Tema turned to him. “She’s not in a good way, but she’s stable,” she said. “That’s probably the best we can hope for until we know what this disease actually is.”

Master Fitzhenry took that information in, stroking the stubbly beard he had growing in.

“This can’t have been a decision taken lightly,” said the Governor, rising. “And to come here for the first time and announce it as fact? I have to respect your conviction, even if I don’t think it’s the right call. Caroline has always had nothing but good things to say about you, Doctor Caerlin. For her sake, I’ll trust your judgement. I will endorse the lockdown.”

“You won’t find any dissent here,” said General Bradshaw. “I’ll defer to the wisdom of the expert.”

The others said words to the same effect, and as Tema turned to go she saw Master Ruddingshaw beaming at her. Despite the situation, she couldn’t help but grin a little to herself.

She left buoyed by the support of the Council, but worried too by the prospect of the coming weeks. Twilight was thick in the air by the time she departed Government Hall. Distantly she could see the sun’s spectre disappearing over the horizon. It made her strangely sad. There was a finality to this sunset, like she might not see the glory of the sun again. Her last trip to Fréreves’ grove flickered back to the forefront of her mind. It had been a terrifying one. The birds and the sunlight had been replaced by ink-black shades, which lurked behind the treeline and watched silently. She’d forgotten that dream the moment she woke up, sweating, in the night.

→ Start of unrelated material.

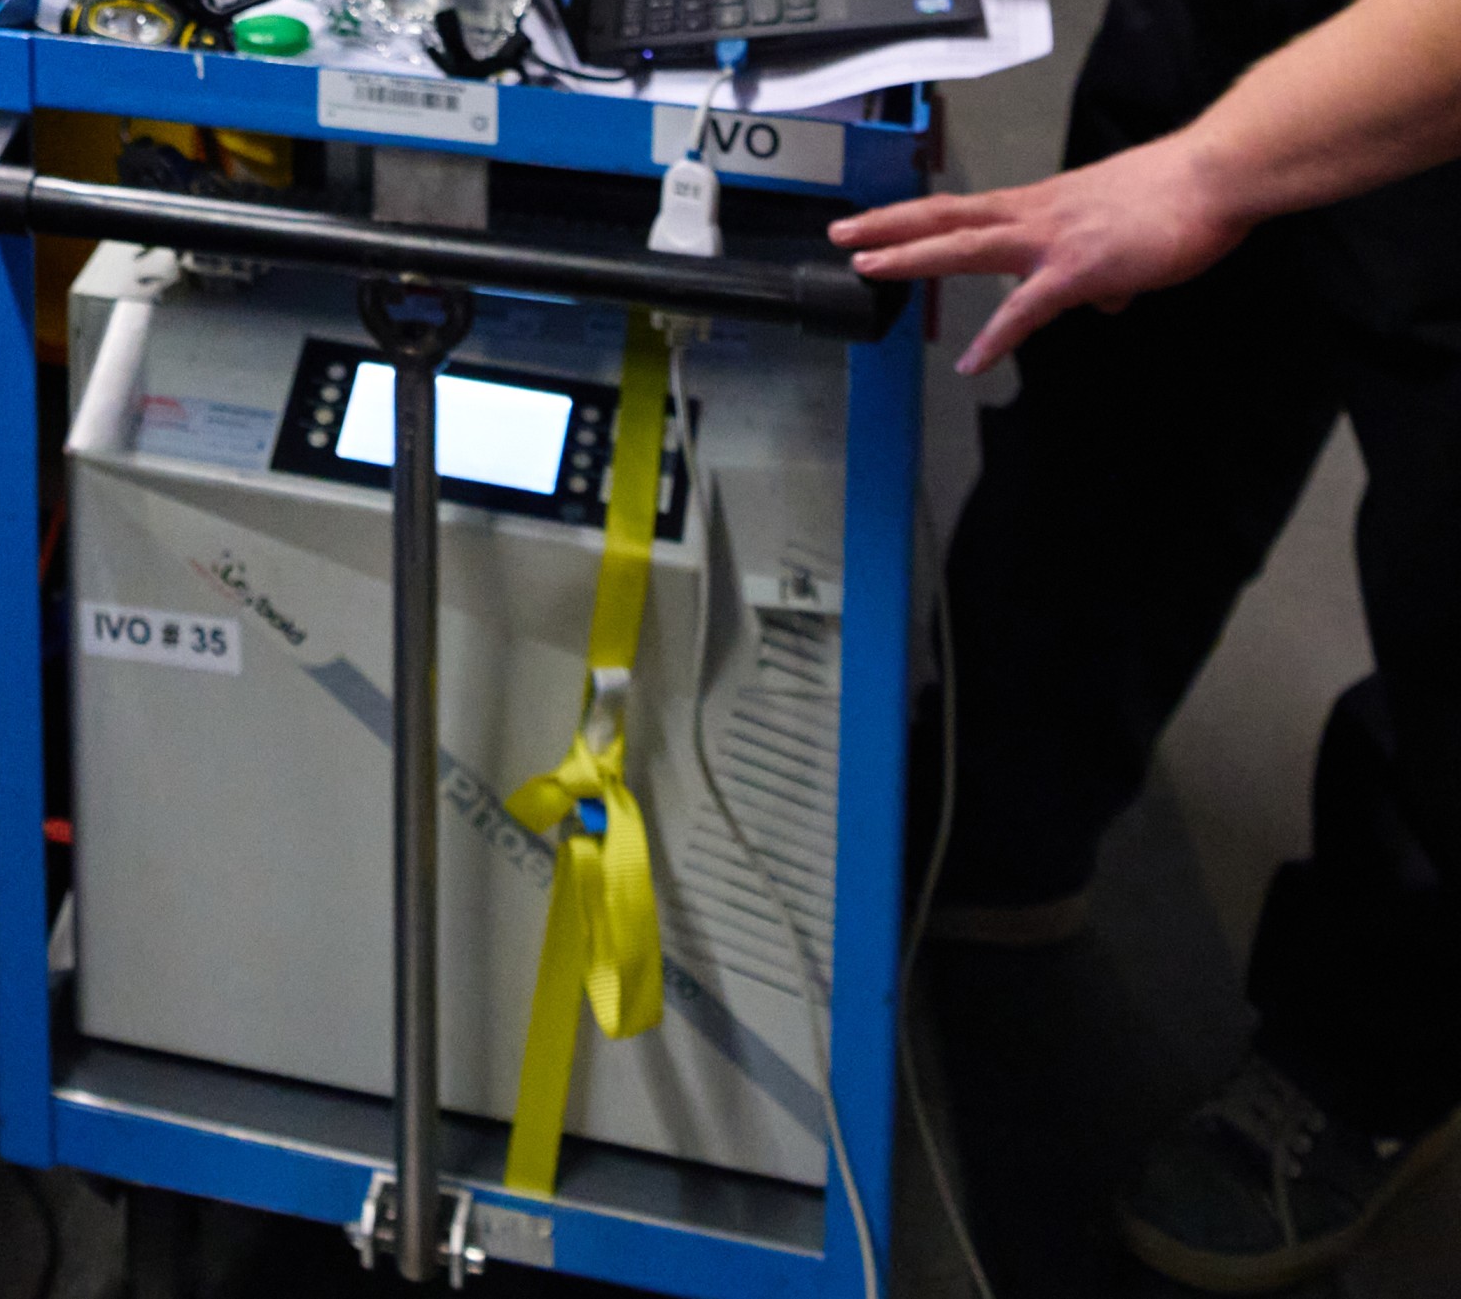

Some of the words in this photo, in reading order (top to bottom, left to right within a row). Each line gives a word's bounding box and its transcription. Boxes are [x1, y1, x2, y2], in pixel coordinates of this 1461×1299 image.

[702, 116, 780, 159] VO
[94, 611, 152, 645] IVO
[190, 624, 228, 658] 35

She wished it hadn’t come back to her memory now. The final words Fréreves spoke to her crept up on her with an eerie feel of foreboding. <You see the woman running from the wind, sealing herself away in her little prison? She’s scared. She won’t emerge into fresh air.>

And as Tema breathed the last breath of air before she stepped aboard the Eia, those words fell into sharp focus. She could think of worse places to die, though, than the hospital. All her friends would be there with her. Viola Watling and Janna Davis and all the other young nurses, still in the summer of their youths. They’d be with her to die together.

No. That’s not going to happen, and it’s monstrous even to think about.

Tema entered the hospital. Betsy Clanackan was sat at the front desk, and Tema smiled at her. Then, with trembling hand, she pressed a button on the wall, and the thick shutter doors of the hospital slid down behind her. There was no walking back the decision now. She just hoped that it wouldn’t be too long she’d see those shutters rising once more.